[Stored items]
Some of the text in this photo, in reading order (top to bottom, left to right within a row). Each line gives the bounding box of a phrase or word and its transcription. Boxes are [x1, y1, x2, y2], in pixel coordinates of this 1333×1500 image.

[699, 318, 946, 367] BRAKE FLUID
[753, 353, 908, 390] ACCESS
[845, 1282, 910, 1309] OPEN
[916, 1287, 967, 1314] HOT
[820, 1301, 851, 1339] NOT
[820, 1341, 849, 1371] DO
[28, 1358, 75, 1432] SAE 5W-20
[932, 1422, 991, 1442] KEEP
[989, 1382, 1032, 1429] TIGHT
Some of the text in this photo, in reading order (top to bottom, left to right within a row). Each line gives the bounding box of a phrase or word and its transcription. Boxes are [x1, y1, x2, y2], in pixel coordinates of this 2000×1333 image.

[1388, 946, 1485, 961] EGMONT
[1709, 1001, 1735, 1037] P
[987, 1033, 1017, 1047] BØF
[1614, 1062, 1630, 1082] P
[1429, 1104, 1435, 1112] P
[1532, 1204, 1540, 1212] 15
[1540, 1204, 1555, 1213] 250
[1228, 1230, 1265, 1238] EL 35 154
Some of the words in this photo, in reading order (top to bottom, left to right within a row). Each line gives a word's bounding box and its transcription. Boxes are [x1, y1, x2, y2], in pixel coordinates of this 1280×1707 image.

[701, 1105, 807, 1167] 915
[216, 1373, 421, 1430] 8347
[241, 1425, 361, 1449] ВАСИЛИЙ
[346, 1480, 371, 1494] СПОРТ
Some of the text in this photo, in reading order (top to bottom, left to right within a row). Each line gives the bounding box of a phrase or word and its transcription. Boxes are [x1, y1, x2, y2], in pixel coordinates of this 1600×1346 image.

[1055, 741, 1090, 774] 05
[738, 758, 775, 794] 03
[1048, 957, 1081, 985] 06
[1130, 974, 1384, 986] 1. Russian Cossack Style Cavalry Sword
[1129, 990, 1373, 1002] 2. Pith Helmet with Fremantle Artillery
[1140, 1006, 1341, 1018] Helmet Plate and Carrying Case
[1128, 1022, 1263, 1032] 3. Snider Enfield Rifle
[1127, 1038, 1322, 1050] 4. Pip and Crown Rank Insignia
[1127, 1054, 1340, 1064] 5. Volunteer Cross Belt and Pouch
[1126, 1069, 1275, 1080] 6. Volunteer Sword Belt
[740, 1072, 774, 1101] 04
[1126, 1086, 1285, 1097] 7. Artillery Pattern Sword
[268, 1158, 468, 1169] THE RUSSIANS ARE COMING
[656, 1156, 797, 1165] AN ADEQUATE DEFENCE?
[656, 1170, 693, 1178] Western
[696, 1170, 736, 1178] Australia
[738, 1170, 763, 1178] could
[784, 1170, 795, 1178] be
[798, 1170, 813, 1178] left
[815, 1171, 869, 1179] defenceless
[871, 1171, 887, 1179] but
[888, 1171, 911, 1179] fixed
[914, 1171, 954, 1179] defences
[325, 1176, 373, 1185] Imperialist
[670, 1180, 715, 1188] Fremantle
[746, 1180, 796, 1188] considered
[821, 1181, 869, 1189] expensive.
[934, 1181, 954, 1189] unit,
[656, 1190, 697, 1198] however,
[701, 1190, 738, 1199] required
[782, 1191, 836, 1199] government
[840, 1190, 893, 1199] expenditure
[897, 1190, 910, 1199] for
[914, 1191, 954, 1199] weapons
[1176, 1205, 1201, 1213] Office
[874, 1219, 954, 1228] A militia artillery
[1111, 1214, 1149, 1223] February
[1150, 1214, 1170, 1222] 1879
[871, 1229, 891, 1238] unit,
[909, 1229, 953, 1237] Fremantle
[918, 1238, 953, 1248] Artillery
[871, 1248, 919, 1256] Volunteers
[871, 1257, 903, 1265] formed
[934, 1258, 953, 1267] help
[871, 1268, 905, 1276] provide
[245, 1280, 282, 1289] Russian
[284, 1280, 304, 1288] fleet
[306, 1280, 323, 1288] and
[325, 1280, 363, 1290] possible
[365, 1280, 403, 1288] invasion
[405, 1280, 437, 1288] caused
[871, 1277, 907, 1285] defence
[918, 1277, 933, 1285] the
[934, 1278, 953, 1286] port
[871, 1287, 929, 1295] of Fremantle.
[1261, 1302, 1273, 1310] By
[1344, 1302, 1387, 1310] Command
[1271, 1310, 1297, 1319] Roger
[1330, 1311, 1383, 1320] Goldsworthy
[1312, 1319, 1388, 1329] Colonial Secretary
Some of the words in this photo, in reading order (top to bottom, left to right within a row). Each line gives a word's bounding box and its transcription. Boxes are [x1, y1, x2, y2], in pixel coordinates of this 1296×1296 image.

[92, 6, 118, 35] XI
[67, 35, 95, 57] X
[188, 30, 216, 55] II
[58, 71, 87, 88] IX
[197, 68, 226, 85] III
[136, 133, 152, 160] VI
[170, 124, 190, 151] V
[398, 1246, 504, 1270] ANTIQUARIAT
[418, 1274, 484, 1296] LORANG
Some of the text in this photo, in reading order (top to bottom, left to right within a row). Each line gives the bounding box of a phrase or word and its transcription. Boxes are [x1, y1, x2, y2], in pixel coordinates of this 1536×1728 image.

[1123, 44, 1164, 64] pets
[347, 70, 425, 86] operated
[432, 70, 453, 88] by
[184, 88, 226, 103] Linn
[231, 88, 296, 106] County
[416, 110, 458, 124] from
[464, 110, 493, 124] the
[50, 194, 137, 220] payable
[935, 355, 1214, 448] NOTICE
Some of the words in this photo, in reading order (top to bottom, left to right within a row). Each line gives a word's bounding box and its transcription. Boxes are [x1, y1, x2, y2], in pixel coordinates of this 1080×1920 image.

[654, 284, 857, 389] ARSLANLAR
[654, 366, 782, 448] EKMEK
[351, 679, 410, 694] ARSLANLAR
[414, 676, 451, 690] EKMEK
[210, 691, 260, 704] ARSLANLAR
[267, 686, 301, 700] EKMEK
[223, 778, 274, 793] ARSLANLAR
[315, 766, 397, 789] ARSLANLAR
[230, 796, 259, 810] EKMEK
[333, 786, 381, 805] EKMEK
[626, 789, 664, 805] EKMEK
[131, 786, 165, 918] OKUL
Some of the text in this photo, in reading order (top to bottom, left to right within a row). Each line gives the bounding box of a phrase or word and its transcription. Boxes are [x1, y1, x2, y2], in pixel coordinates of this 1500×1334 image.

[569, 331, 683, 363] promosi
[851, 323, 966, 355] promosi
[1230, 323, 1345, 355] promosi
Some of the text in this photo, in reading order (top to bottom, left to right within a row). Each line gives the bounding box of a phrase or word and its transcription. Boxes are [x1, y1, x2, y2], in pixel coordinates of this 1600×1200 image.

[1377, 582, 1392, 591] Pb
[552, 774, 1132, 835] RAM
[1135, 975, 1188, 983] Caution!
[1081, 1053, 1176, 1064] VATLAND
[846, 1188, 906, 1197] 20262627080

What the exercise asks ▸
Reproduce every line of the data without changing a word.

Problem solution ▸
Some of the text in this photo, in reading order (top to bottom, left to right within a row). Each line gives the bounding box of a phrase or word and its transcription. Boxes are [x1, y1, x2, y2], in pixel coordinates of this 1333×1500 image.

[699, 318, 946, 367] BRAKE FLUID
[753, 353, 908, 390] ACCESS
[845, 1282, 910, 1309] OPEN
[916, 1287, 967, 1314] HOT
[820, 1301, 851, 1339] NOT
[820, 1341, 849, 1371] DO
[28, 1358, 75, 1432] SAE 5W-20
[932, 1422, 991, 1442] KEEP
[989, 1382, 1032, 1429] TIGHT
Some of the text in this photo, in reading order (top to bottom, left to right within a row). Each line gives the bounding box of a phrase or word and its transcription. Boxes are [x1, y1, x2, y2], in pixel coordinates of this 2000×1333 image.

[1388, 946, 1485, 961] EGMONT
[1709, 1001, 1735, 1037] P
[987, 1033, 1017, 1047] BØF
[1614, 1062, 1630, 1082] P
[1429, 1104, 1435, 1112] P
[1532, 1204, 1540, 1212] 15
[1540, 1204, 1555, 1213] 250
[1228, 1230, 1265, 1238] EL 35 154
Some of the words in this photo, in reading order (top to bottom, left to right within a row). Each line gives a word's bounding box and its transcription. Boxes are [x1, y1, x2, y2], in pixel coordinates of this 1280×1707 image.

[701, 1105, 807, 1167] 915
[216, 1373, 421, 1430] 8347
[241, 1425, 361, 1449] ВАСИЛИЙ
[346, 1480, 371, 1494] СПОРТ
Some of the text in this photo, in reading order (top to bottom, left to right within a row). Each line gives the bounding box of a phrase or word and its transcription. Boxes are [x1, y1, x2, y2], in pixel coordinates of this 1600×1346 image.

[1055, 741, 1090, 774] 05
[738, 758, 775, 794] 03
[1048, 957, 1081, 985] 06
[1130, 974, 1384, 986] 1. Russian Cossack Style Cavalry Sword
[1129, 990, 1373, 1002] 2. Pith Helmet with Fremantle Artillery
[1140, 1006, 1341, 1018] Helmet Plate and Carrying Case
[1128, 1022, 1263, 1032] 3. Snider Enfield Rifle
[1127, 1038, 1322, 1050] 4. Pip and Crown Rank Insignia
[1127, 1054, 1340, 1064] 5. Volunteer Cross Belt and Pouch
[1126, 1069, 1275, 1080] 6. Volunteer Sword Belt
[740, 1072, 774, 1101] 04
[1126, 1086, 1285, 1097] 7. Artillery Pattern Sword
[268, 1158, 468, 1169] THE RUSSIANS ARE COMING
[656, 1156, 797, 1165] AN ADEQUATE DEFENCE?
[656, 1170, 693, 1178] Western
[696, 1170, 736, 1178] Australia
[738, 1170, 763, 1178] could
[784, 1170, 795, 1178] be
[798, 1170, 813, 1178] left
[815, 1171, 869, 1179] defenceless
[871, 1171, 887, 1179] but
[888, 1171, 911, 1179] fixed
[914, 1171, 954, 1179] defences
[325, 1176, 373, 1185] Imperialist
[670, 1180, 715, 1188] Fremantle
[746, 1180, 796, 1188] considered
[821, 1181, 869, 1189] expensive.
[934, 1181, 954, 1189] unit,
[656, 1190, 697, 1198] however,
[701, 1190, 738, 1199] required
[782, 1191, 836, 1199] government
[840, 1190, 893, 1199] expenditure
[897, 1190, 910, 1199] for
[914, 1191, 954, 1199] weapons
[1176, 1205, 1201, 1213] Office
[874, 1219, 954, 1228] A militia artillery
[1111, 1214, 1149, 1223] February
[1150, 1214, 1170, 1222] 1879
[871, 1229, 891, 1238] unit,
[909, 1229, 953, 1237] Fremantle
[918, 1238, 953, 1248] Artillery
[871, 1248, 919, 1256] Volunteers
[871, 1257, 903, 1265] formed
[934, 1258, 953, 1267] help
[871, 1268, 905, 1276] provide
[245, 1280, 282, 1289] Russian
[284, 1280, 304, 1288] fleet
[306, 1280, 323, 1288] and
[325, 1280, 363, 1290] possible
[365, 1280, 403, 1288] invasion
[405, 1280, 437, 1288] caused
[871, 1277, 907, 1285] defence
[918, 1277, 933, 1285] the
[934, 1278, 953, 1286] port
[871, 1287, 929, 1295] of Fremantle.
[1261, 1302, 1273, 1310] By
[1344, 1302, 1387, 1310] Command
[1271, 1310, 1297, 1319] Roger
[1330, 1311, 1383, 1320] Goldsworthy
[1312, 1319, 1388, 1329] Colonial Secretary
Some of the words in this photo, in reading order (top to bottom, left to right within a row). Each line gives a word's bounding box and its transcription. Boxes are [x1, y1, x2, y2], in pixel coordinates of this 1296×1296 image.

[92, 6, 118, 35] XI
[67, 35, 95, 57] X
[188, 30, 216, 55] II
[58, 71, 87, 88] IX
[197, 68, 226, 85] III
[136, 133, 152, 160] VI
[170, 124, 190, 151] V
[398, 1246, 504, 1270] ANTIQUARIAT
[418, 1274, 484, 1296] LORANG
Some of the text in this photo, in reading order (top to bottom, left to right within a row). Each line gives the bounding box of a phrase or word and its transcription. Boxes are [x1, y1, x2, y2], in pixel coordinates of this 1536×1728 image.

[1123, 44, 1164, 64] pets
[347, 70, 425, 86] operated
[432, 70, 453, 88] by
[184, 88, 226, 103] Linn
[231, 88, 296, 106] County
[416, 110, 458, 124] from
[464, 110, 493, 124] the
[50, 194, 137, 220] payable
[935, 355, 1214, 448] NOTICE
Some of the words in this photo, in reading order (top to bottom, left to right within a row). Each line gives a word's bounding box and its transcription. Boxes are [x1, y1, x2, y2], in pixel coordinates of this 1080×1920 image.

[654, 284, 857, 389] ARSLANLAR
[654, 366, 782, 448] EKMEK
[351, 679, 410, 694] ARSLANLAR
[414, 676, 451, 690] EKMEK
[210, 691, 260, 704] ARSLANLAR
[267, 686, 301, 700] EKMEK
[223, 778, 274, 793] ARSLANLAR
[315, 766, 397, 789] ARSLANLAR
[230, 796, 259, 810] EKMEK
[333, 786, 381, 805] EKMEK
[626, 789, 664, 805] EKMEK
[131, 786, 165, 918] OKUL
Some of the text in this photo, in reading order (top to bottom, left to right within a row). Each line gives the bounding box of a phrase or word and its transcription. Boxes are [x1, y1, x2, y2], in pixel coordinates of this 1500×1334 image.

[569, 331, 683, 363] promosi
[851, 323, 966, 355] promosi
[1230, 323, 1345, 355] promosi
Some of the text in this photo, in reading order (top to bottom, left to right within a row). Each line gives the bounding box of a phrase or word and its transcription. Boxes are [x1, y1, x2, y2], in pixel coordinates of this 1600×1200 image.

[1377, 582, 1392, 591] Pb
[552, 774, 1132, 835] RAM
[1135, 975, 1188, 983] Caution!
[1081, 1053, 1176, 1064] VATLAND
[846, 1188, 906, 1197] 20262627080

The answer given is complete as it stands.